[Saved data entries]
Content starts

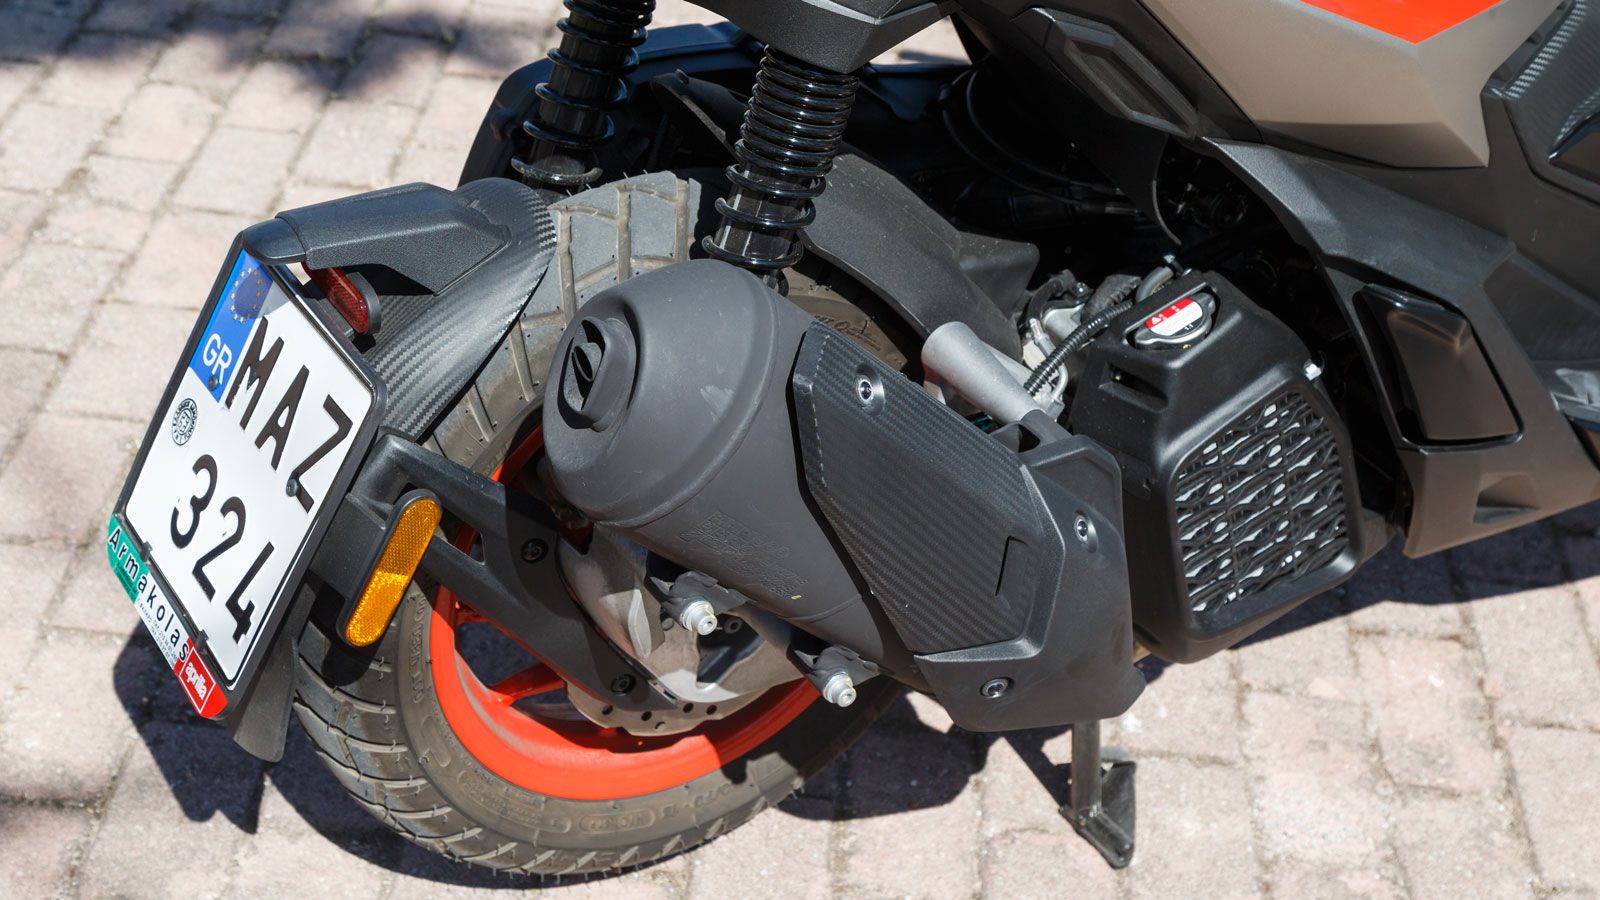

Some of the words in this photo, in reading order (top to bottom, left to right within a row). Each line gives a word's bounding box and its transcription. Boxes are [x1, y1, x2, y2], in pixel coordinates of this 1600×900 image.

[203, 333, 232, 384] GR
[225, 316, 353, 513] MAZ
[109, 528, 188, 660] Armakolas
[170, 454, 275, 644] 324
[185, 662, 207, 700] aprilia

Content ends

Excluding the pictures, restate the records above word for word.

→ **RESPONSE**:
Some of the words in this photo, in reading order (top to bottom, left to right within a row). Each line gives a word's bounding box and its transcription. Boxes are [x1, y1, x2, y2], in pixel coordinates of this 1600×900 image.

[203, 333, 232, 384] GR
[225, 316, 353, 513] MAZ
[109, 528, 188, 660] Armakolas
[170, 454, 275, 644] 324
[185, 662, 207, 700] aprilia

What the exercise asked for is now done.